## TASK
Print each entry word for word without images.

## RECORD EXCERPTS
┄┄┄┄┄┄┄┄┄┄

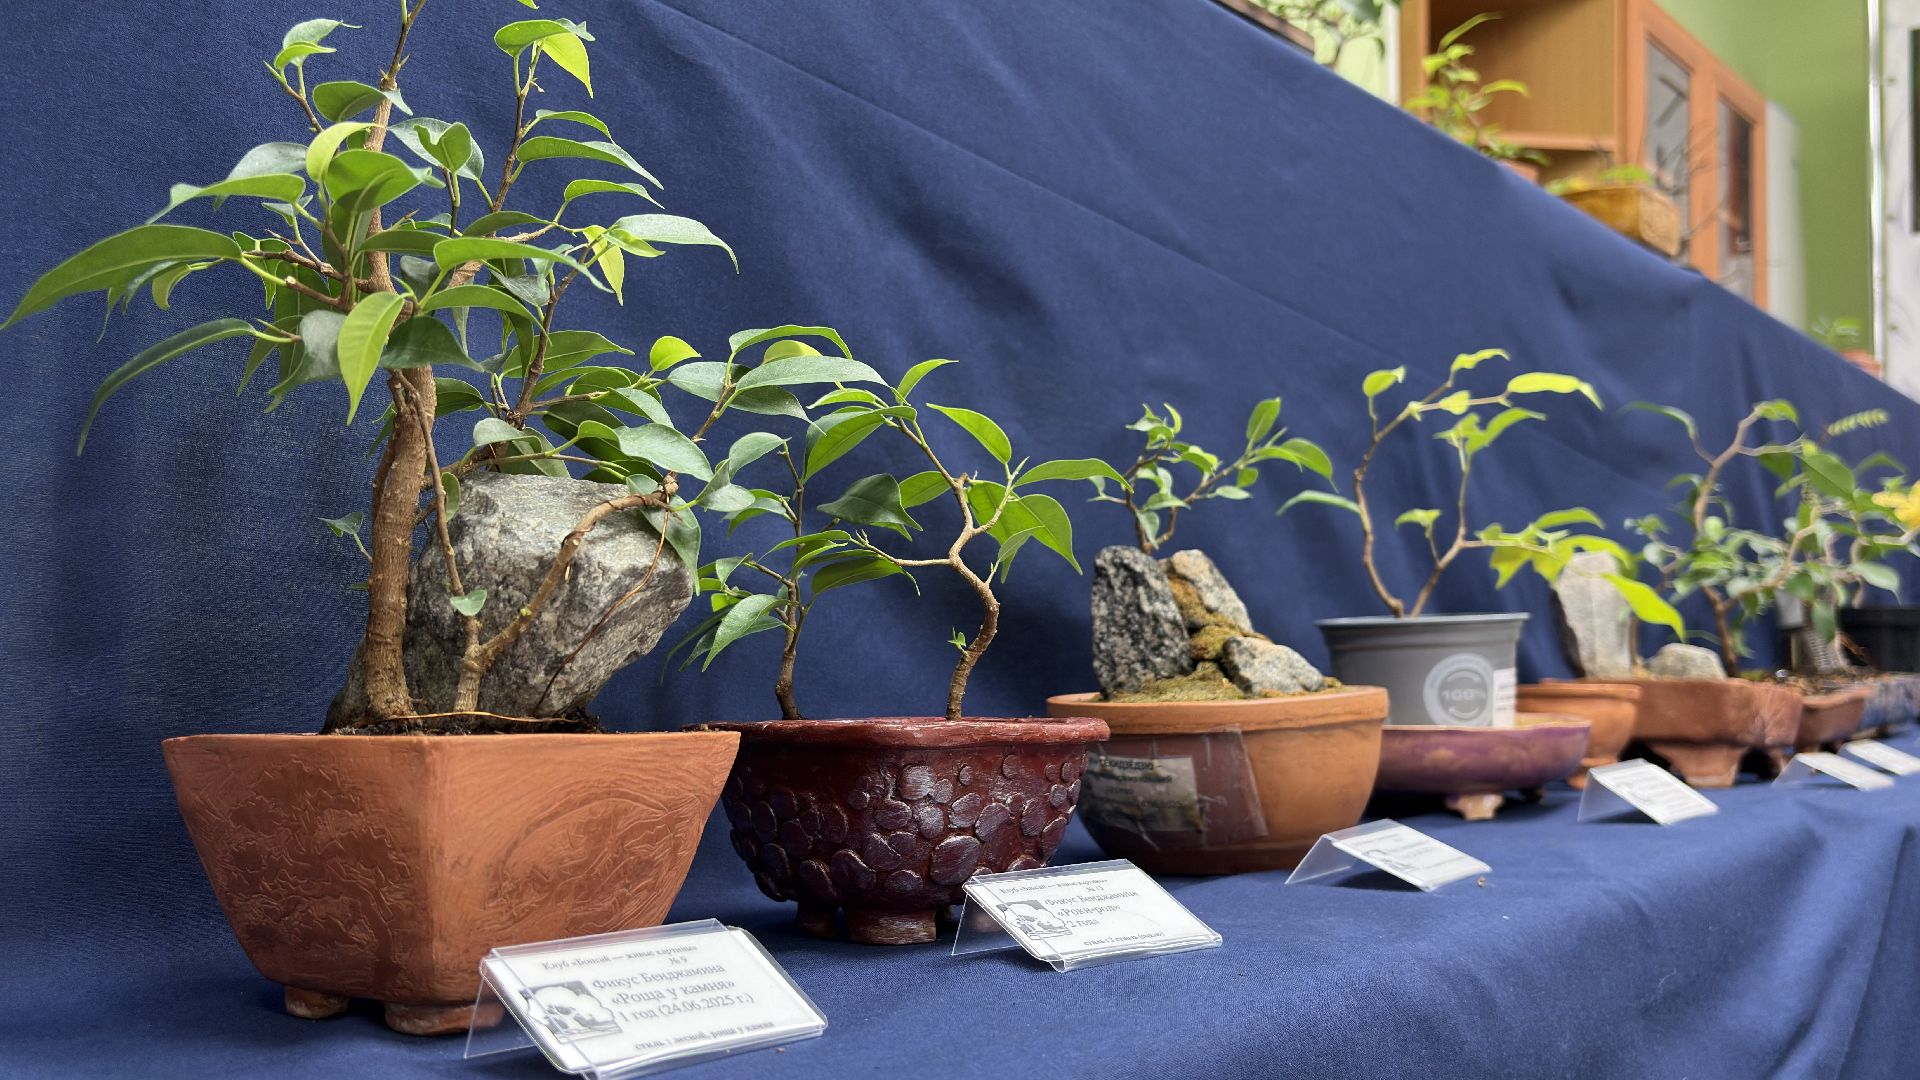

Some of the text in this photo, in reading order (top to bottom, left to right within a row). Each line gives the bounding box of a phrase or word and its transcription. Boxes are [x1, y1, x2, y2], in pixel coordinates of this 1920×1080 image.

[1066, 920, 1077, 928] 2
[541, 960, 570, 970] Клуб
[592, 964, 726, 989] Фикус Бенджамина
[611, 980, 735, 1004] «Роща у камня»
[619, 992, 755, 1021] 1 год (24.06.2025 г.)

┄┄┄┄┄┄┄┄┄┄

## OUTPUT BELOW
Some of the text in this photo, in reading order (top to bottom, left to right within a row). Each line gives the bounding box of a phrase or word and its transcription. Boxes are [x1, y1, x2, y2], in pixel coordinates of this 1920×1080 image.

[1066, 920, 1077, 928] 2
[541, 960, 570, 970] Клуб
[592, 964, 726, 989] Фикус Бенджамина
[611, 980, 735, 1004] «Роща у камня»
[619, 992, 755, 1021] 1 год (24.06.2025 г.)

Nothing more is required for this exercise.